*** Opening DATA FOR REVIEW ***

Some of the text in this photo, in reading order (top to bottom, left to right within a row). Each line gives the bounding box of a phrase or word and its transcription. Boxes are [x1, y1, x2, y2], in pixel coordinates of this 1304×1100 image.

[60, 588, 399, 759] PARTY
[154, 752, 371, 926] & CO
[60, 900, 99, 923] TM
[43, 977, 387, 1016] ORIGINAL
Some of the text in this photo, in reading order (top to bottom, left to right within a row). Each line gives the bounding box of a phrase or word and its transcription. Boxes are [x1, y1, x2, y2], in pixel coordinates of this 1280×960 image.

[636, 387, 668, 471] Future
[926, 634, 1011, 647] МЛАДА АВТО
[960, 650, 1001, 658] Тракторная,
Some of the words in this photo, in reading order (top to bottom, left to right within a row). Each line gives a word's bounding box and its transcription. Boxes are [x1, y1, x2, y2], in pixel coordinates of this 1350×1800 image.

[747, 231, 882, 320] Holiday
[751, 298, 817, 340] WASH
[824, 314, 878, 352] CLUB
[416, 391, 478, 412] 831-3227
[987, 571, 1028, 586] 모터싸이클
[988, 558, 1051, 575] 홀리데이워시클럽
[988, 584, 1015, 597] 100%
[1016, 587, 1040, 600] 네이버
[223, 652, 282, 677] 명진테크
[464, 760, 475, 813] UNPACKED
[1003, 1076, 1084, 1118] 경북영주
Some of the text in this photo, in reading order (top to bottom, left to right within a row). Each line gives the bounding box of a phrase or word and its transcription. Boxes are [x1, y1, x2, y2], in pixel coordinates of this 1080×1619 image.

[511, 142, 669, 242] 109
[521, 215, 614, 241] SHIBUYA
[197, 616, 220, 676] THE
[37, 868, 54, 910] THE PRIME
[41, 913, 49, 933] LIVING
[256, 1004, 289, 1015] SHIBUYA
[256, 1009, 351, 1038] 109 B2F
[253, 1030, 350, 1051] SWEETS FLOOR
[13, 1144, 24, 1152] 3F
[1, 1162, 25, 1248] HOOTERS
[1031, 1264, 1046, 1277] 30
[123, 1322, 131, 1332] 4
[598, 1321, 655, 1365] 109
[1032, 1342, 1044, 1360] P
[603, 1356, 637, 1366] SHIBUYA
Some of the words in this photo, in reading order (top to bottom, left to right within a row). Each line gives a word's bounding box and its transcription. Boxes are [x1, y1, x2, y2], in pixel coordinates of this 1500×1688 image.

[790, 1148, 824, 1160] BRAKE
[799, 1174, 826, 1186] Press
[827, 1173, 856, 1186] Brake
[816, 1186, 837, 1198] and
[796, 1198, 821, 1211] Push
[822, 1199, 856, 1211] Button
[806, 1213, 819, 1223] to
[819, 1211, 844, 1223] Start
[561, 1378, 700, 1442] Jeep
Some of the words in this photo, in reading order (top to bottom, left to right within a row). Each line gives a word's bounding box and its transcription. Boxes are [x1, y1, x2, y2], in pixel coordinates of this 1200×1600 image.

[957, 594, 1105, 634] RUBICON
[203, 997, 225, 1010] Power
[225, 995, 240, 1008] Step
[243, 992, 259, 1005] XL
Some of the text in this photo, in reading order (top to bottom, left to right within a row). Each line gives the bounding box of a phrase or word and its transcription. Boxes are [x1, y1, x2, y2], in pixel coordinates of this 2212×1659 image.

*** Closing DATA FOR REVIEW ***

Provide a faithful, complete copy of the entries above.

Some of the text in this photo, in reading order (top to bottom, left to right within a row). Each line gives the bounding box of a phrase or word and its transcription. Boxes are [x1, y1, x2, y2], in pixel coordinates of this 1304×1100 image.

[60, 588, 399, 759] PARTY
[154, 752, 371, 926] & CO
[60, 900, 99, 923] TM
[43, 977, 387, 1016] ORIGINAL
Some of the text in this photo, in reading order (top to bottom, left to right within a row). Each line gives the bounding box of a phrase or word and its transcription. Boxes are [x1, y1, x2, y2], in pixel coordinates of this 1280×960 image.

[636, 387, 668, 471] Future
[926, 634, 1011, 647] МЛАДА АВТО
[960, 650, 1001, 658] Тракторная,
Some of the words in this photo, in reading order (top to bottom, left to right within a row). Each line gives a word's bounding box and its transcription. Boxes are [x1, y1, x2, y2], in pixel coordinates of this 1350×1800 image.

[747, 231, 882, 320] Holiday
[751, 298, 817, 340] WASH
[824, 314, 878, 352] CLUB
[416, 391, 478, 412] 831-3227
[987, 571, 1028, 586] 모터싸이클
[988, 558, 1051, 575] 홀리데이워시클럽
[988, 584, 1015, 597] 100%
[1016, 587, 1040, 600] 네이버
[223, 652, 282, 677] 명진테크
[464, 760, 475, 813] UNPACKED
[1003, 1076, 1084, 1118] 경북영주
Some of the text in this photo, in reading order (top to bottom, left to right within a row). Each line gives the bounding box of a phrase or word and its transcription. Boxes are [x1, y1, x2, y2], in pixel coordinates of this 1080×1619 image.

[511, 142, 669, 242] 109
[521, 215, 614, 241] SHIBUYA
[197, 616, 220, 676] THE
[37, 868, 54, 910] THE PRIME
[41, 913, 49, 933] LIVING
[256, 1004, 289, 1015] SHIBUYA
[256, 1009, 351, 1038] 109 B2F
[253, 1030, 350, 1051] SWEETS FLOOR
[13, 1144, 24, 1152] 3F
[1, 1162, 25, 1248] HOOTERS
[1031, 1264, 1046, 1277] 30
[123, 1322, 131, 1332] 4
[598, 1321, 655, 1365] 109
[1032, 1342, 1044, 1360] P
[603, 1356, 637, 1366] SHIBUYA
Some of the words in this photo, in reading order (top to bottom, left to right within a row). Each line gives a word's bounding box and its transcription. Boxes are [x1, y1, x2, y2], in pixel coordinates of this 1500×1688 image.

[790, 1148, 824, 1160] BRAKE
[799, 1174, 826, 1186] Press
[827, 1173, 856, 1186] Brake
[816, 1186, 837, 1198] and
[796, 1198, 821, 1211] Push
[822, 1199, 856, 1211] Button
[806, 1213, 819, 1223] to
[819, 1211, 844, 1223] Start
[561, 1378, 700, 1442] Jeep
Some of the words in this photo, in reading order (top to bottom, left to right within a row). Each line gives a word's bounding box and its transcription. Boxes are [x1, y1, x2, y2], in pixel coordinates of this 1200×1600 image.

[957, 594, 1105, 634] RUBICON
[203, 997, 225, 1010] Power
[225, 995, 240, 1008] Step
[243, 992, 259, 1005] XL
Some of the text in this photo, in reading order (top to bottom, left to right within a row). Each line gives the bounding box of a phrase or word and its transcription. Boxes are [x1, y1, x2, y2], in pixel coordinates of this 2212×1659 image.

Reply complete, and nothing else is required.